He knew the names of the Demaizen Circle, both the ones who had stayed behind on Eraasi and the ones who had gone exploring with the sus-Peledaen across the interstellar gap; he'd made it his business to find out when he began his researches. And he could do subtraction in his head as well as any man.

"Diasul," he said. "Kiefen Diasul."


* * *


Iulan Vai stayed behind in the shadows and watched the sus-Dariv agent make his way out of the ruins and back down to the overgrown drive. He'd come to her for this meeting, not the other way around, and she wasn't sure what that meant. She'd heard rumors that someone was asking questions about the Old Hall, and about Lord Garrod's Circle—maybe she wasn't the sus-Radal's Agent-Principal any more, but she hadn't cut all ties with her old contacts in the shadow world of information gathering—and she had taken steps to make certain that the questioner made contact with her.

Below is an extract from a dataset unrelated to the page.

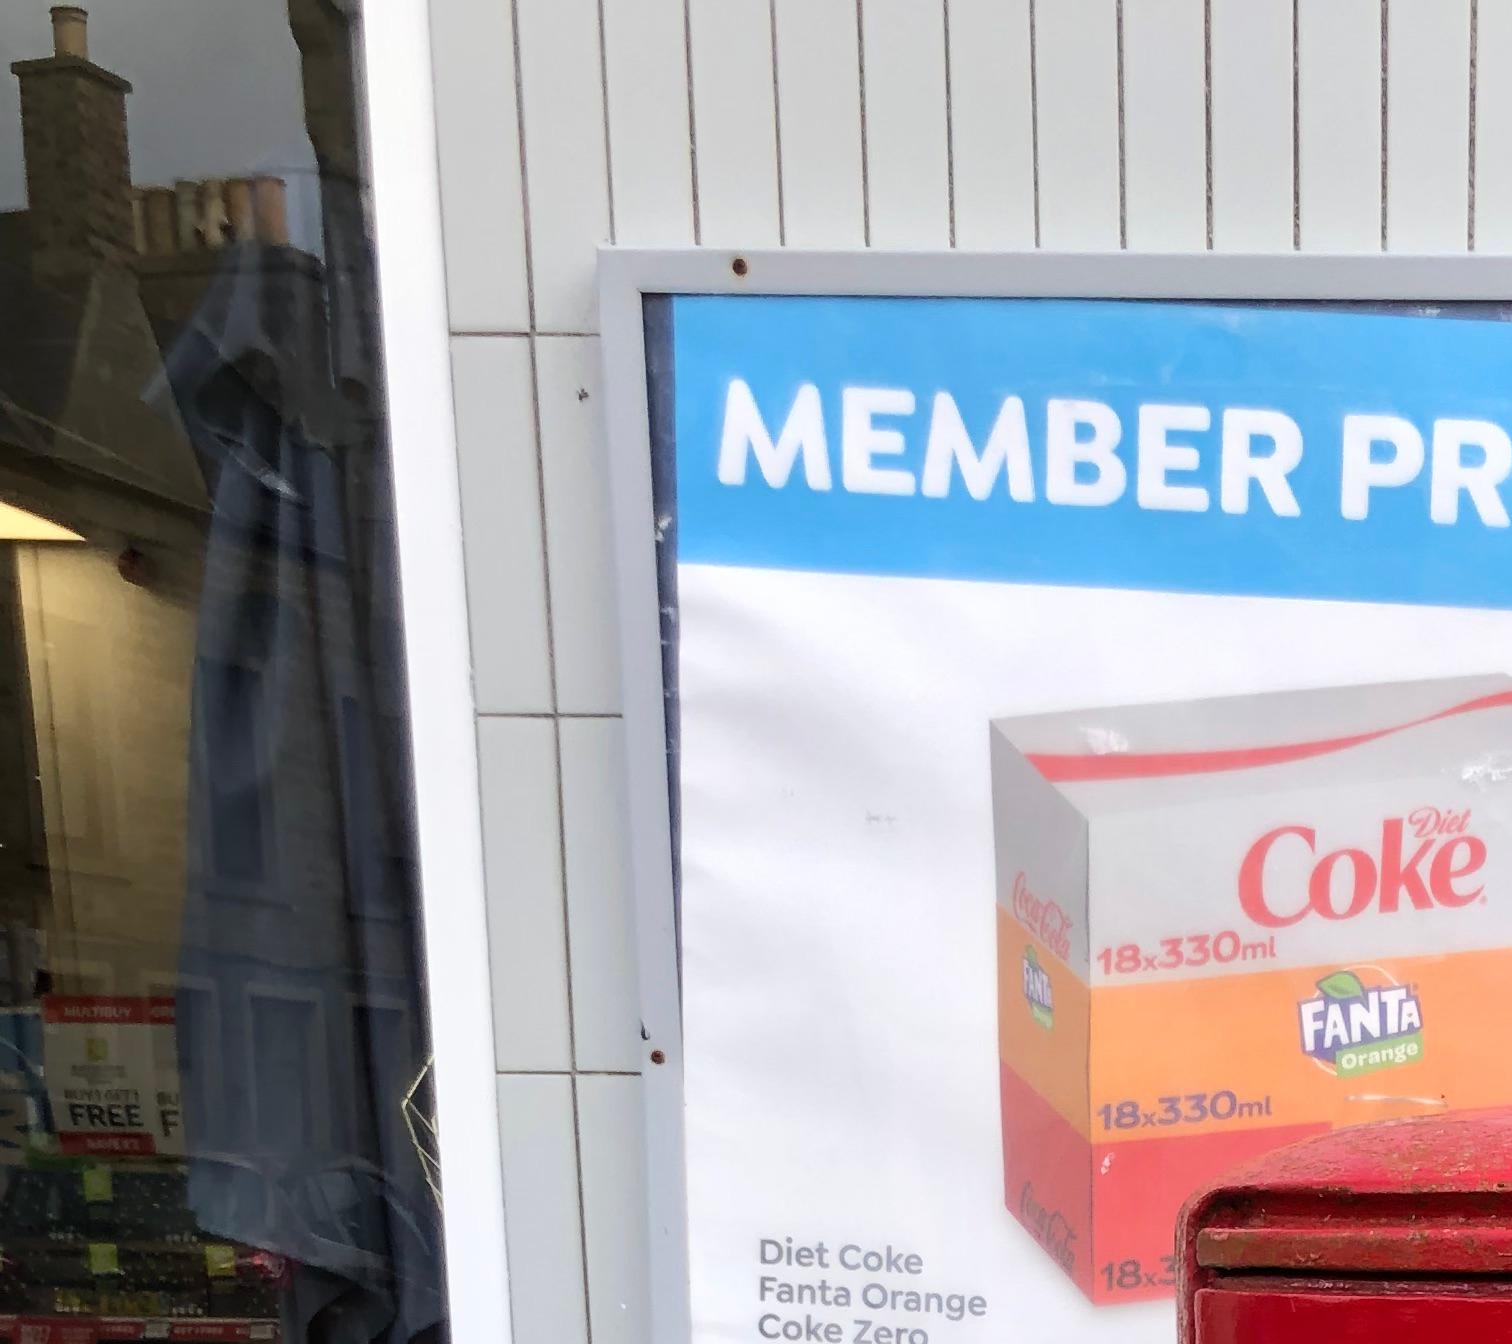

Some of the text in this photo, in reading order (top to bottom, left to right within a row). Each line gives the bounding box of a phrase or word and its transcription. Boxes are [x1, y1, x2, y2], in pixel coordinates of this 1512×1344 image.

Herin Arayet sus-Dariv had not been what she was expecting. To begin with, he wasn't a hireling. He was a family member from one of the inner lines, and probably well- off enough in his own right that he didn't need to work at all if he lacked the inclination to do so. She wondered what had induced him to take up his peculiar hobby. Was he moved by concern for the family good, or by the pleasure of finding out secret things—or had somebody high up in the inner family trained him for the work?

He was suited for it, Vai conceded, at least inasmuch as nobody would take him at first glance for one of the sus-Dariv. That family ran to slightly-built blondes and redheads, especially in the inner lines, and Syr Arayet was dark and wiry and at least a head taller than the average. Something about the man continued to nag at her as she withdrew from the ruins of the Old Hall and made her way back to Demaizen Town.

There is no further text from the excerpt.